My personal highlight was Neil Faulkner's nothing-if-not-ambitious 'A brief history of the world', which provided a succinct outline of a marxist method for understanding history and gave a broad-sweep overview of the big historical transformations in human history. Neil is an archaeologist and historian, whose long-running 'A Marxist History of the World' series is one of our website's greatest assets.

The most engaging discussion was perhaps in Kate Connelly's session 'From suffragettes to slutwalk', drawing out a range of issues both historical and contemporary. This session - like 'A brief history of the world' - was actually repeated in an additional space (booked at short notice) to accommodate the larger-than-expected attendance.

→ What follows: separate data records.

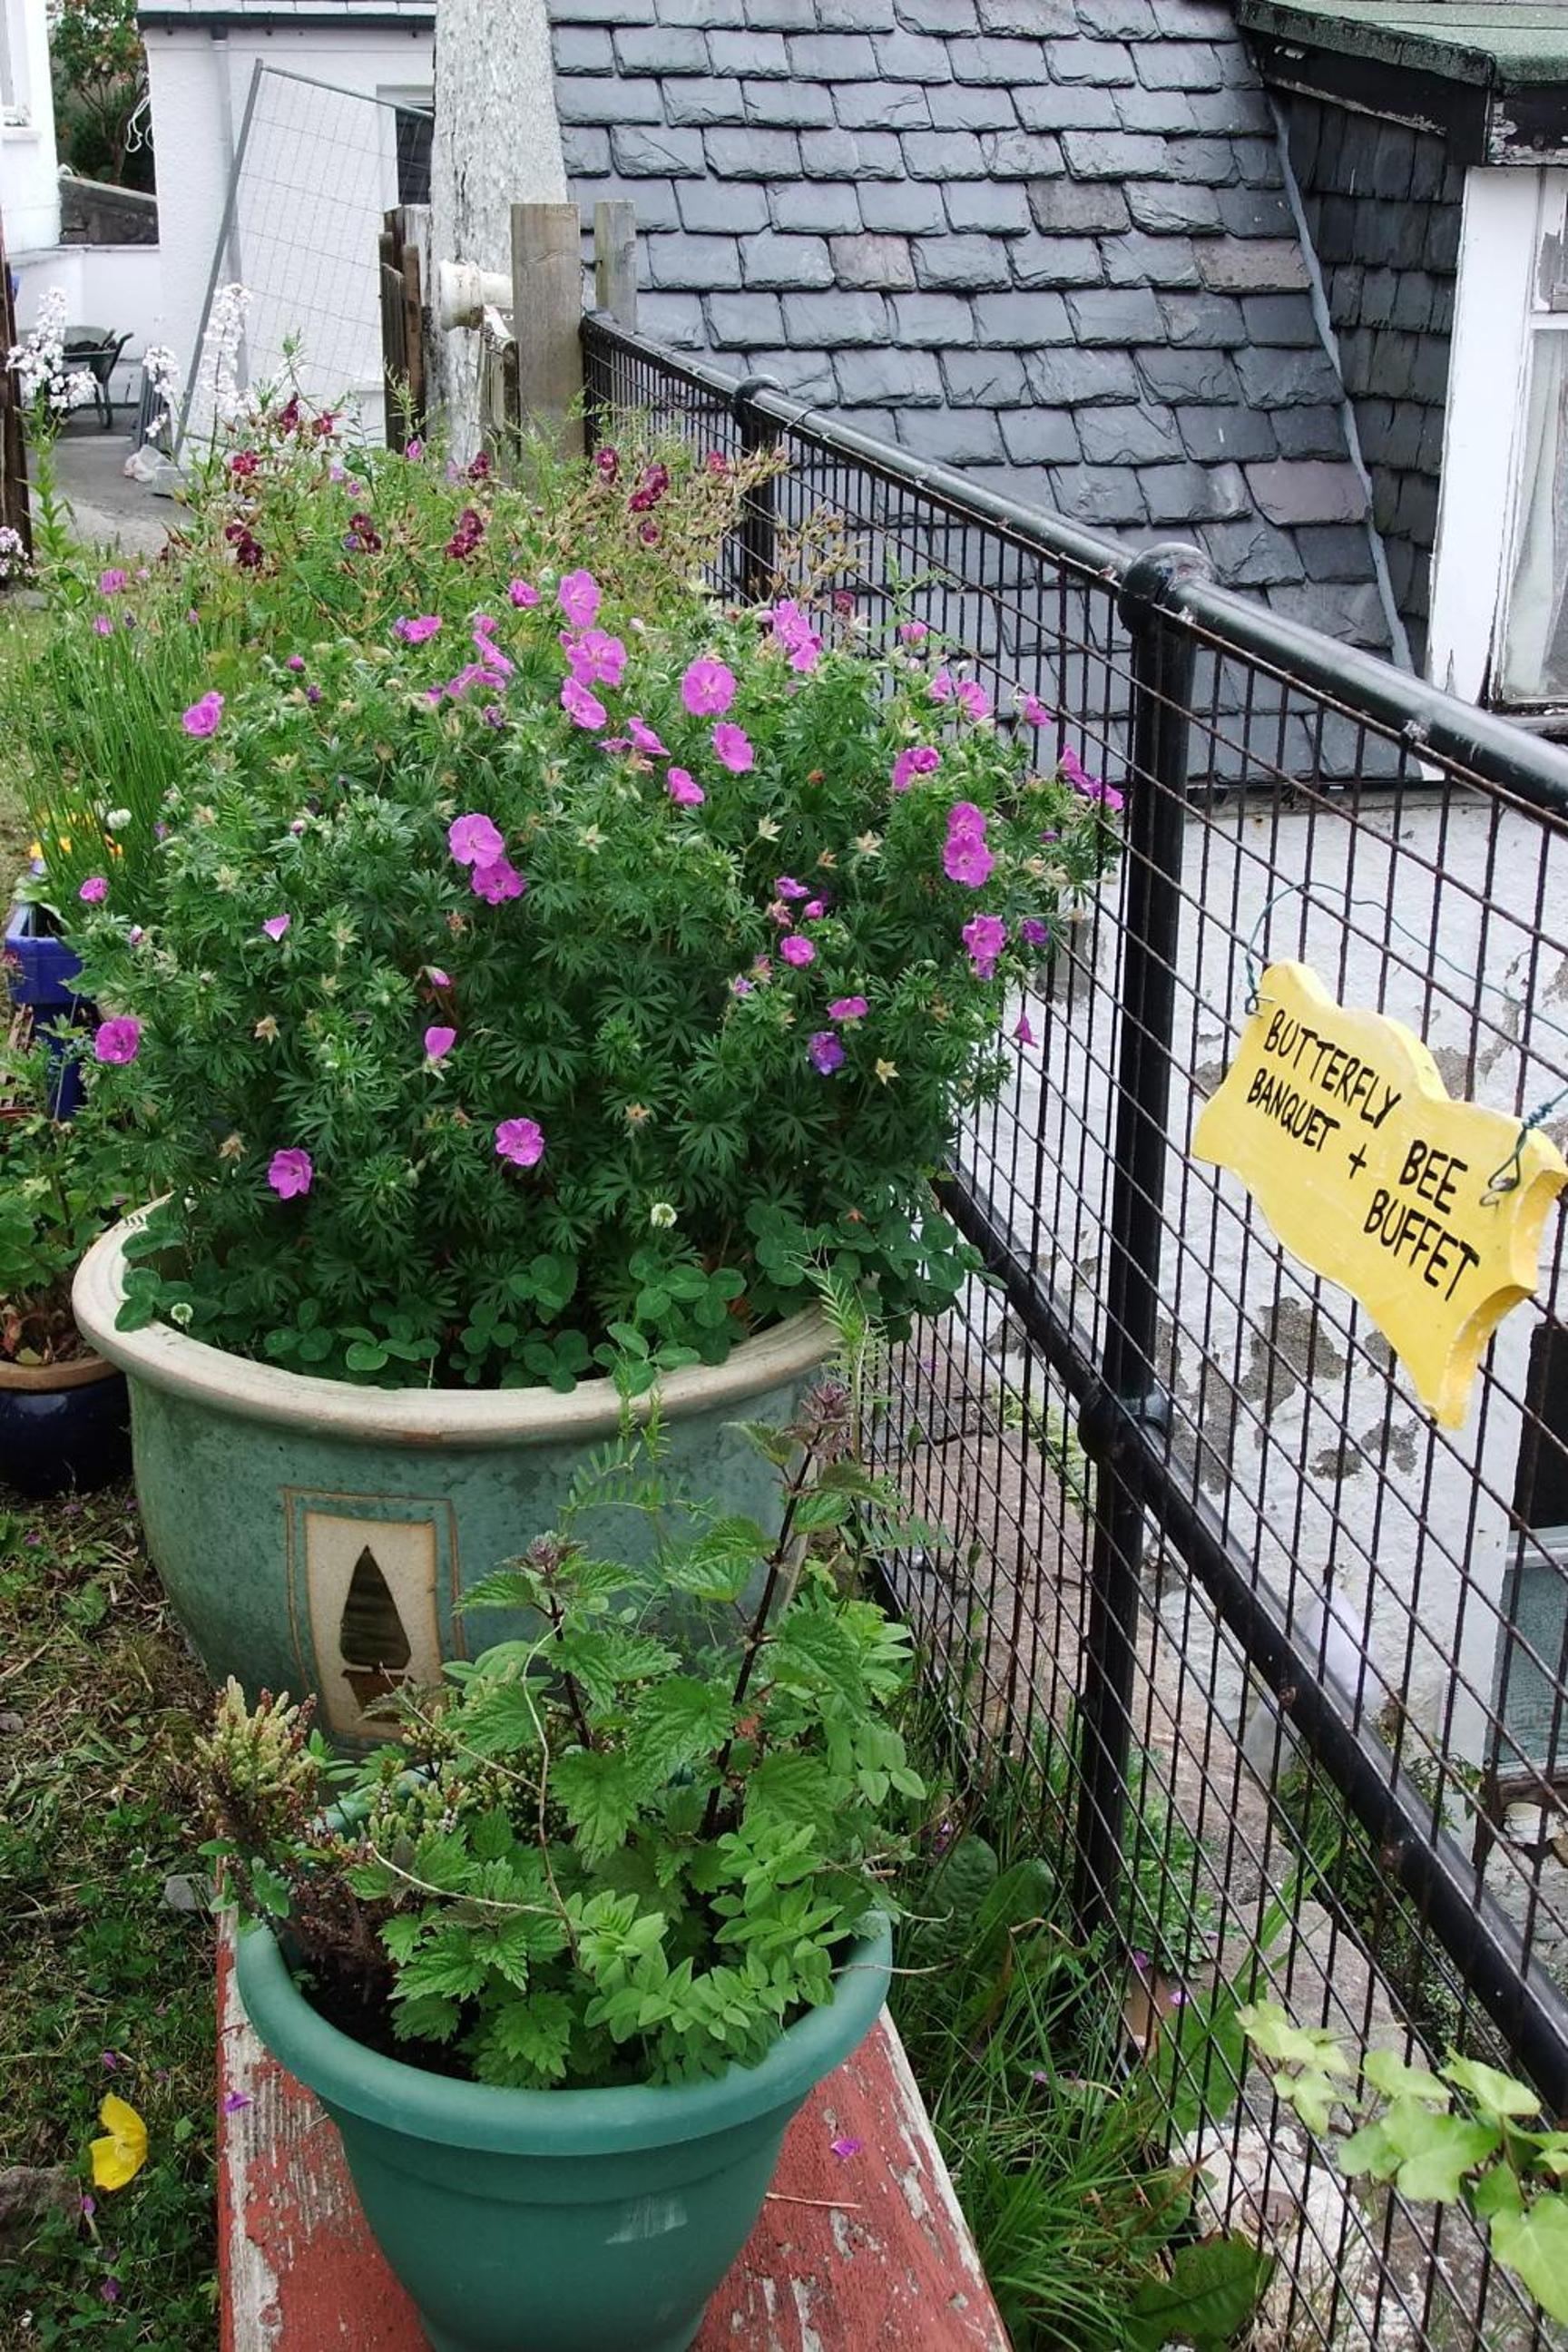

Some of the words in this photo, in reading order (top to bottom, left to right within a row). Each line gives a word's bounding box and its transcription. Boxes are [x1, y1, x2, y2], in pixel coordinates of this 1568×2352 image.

[1247, 1068, 1340, 1152] BANQUET
[1348, 1143, 1367, 1179] +
[1264, 1009, 1402, 1130] BUTTERFLY
[1398, 1140, 1468, 1215] BEE
[1363, 1189, 1480, 1301] BUFFET
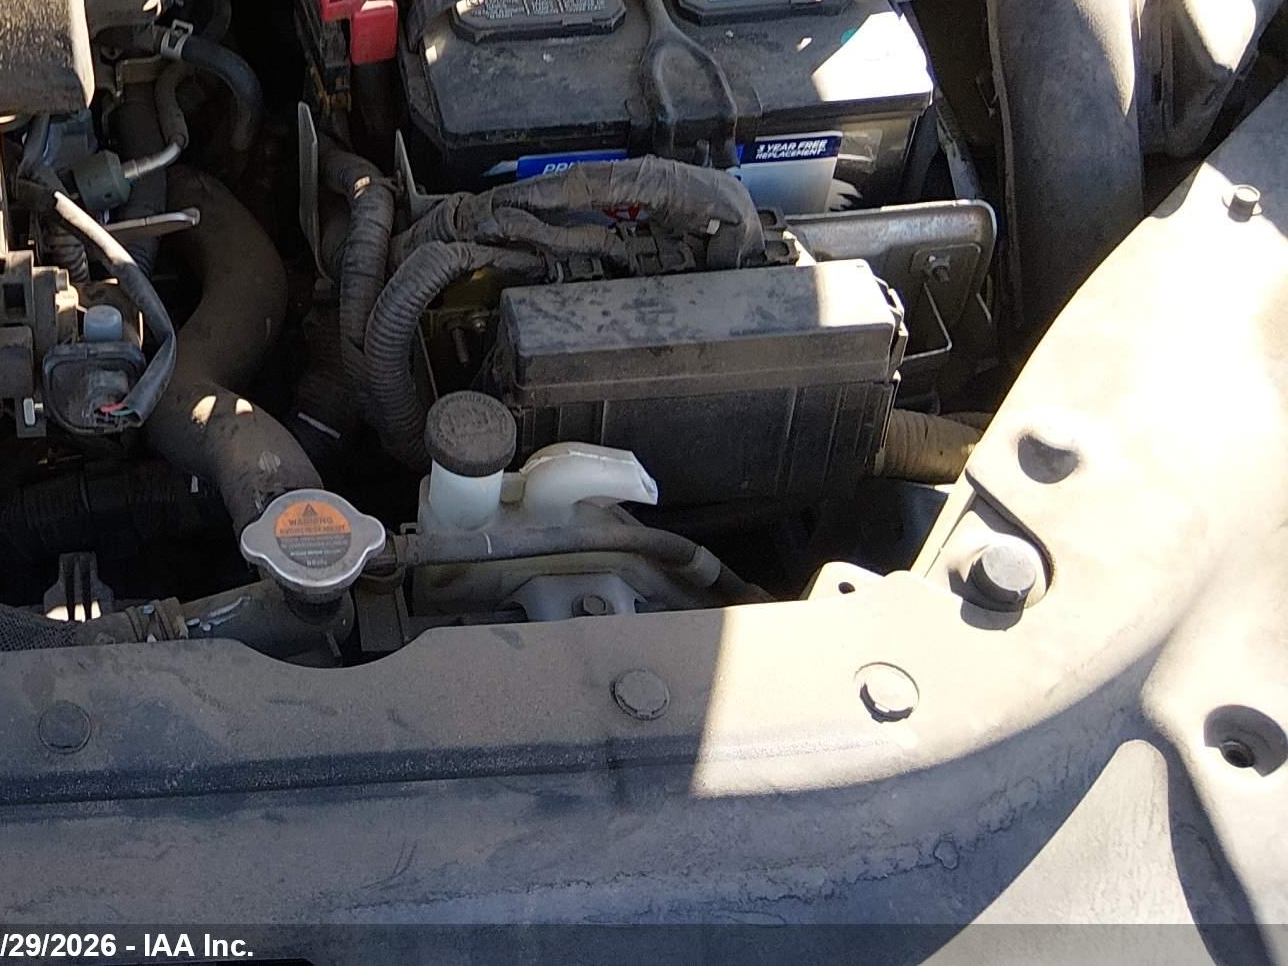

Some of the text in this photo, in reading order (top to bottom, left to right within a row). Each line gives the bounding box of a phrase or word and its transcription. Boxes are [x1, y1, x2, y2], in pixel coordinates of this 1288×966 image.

[768, 142, 796, 153] YEAR
[798, 140, 828, 151] FREE
[756, 149, 825, 160] REPLACEMENT

The turnout at Neil's session - around a hundred - and the even bigger attendance, in the same space, at the 'in conversation' about Gramsci with Peter Thomas (facilitated by Nina Power) suggested an appetite for substantial, challenging topics. I was also impressed, generally, by the fact that discussion was genuinely thoughtful and inquiring - plenty of questions and contributions which felt like someone was thinking through the ideas.

I also attended 'Internet - serving the revolution?' and the 'war on terror' session, both of which were serious engagements with changing realities, illuminating the need to apply ideas to new circumstances. The latter also benefited from Stop the War Chair Jeremy Corbyn offering a potted history of imperialism, putting its current phase in a longer-term context. I made a contribution in the discussion myself, responding to someone arguing that 'direct action' not mass mobilisations is the way to stop wars.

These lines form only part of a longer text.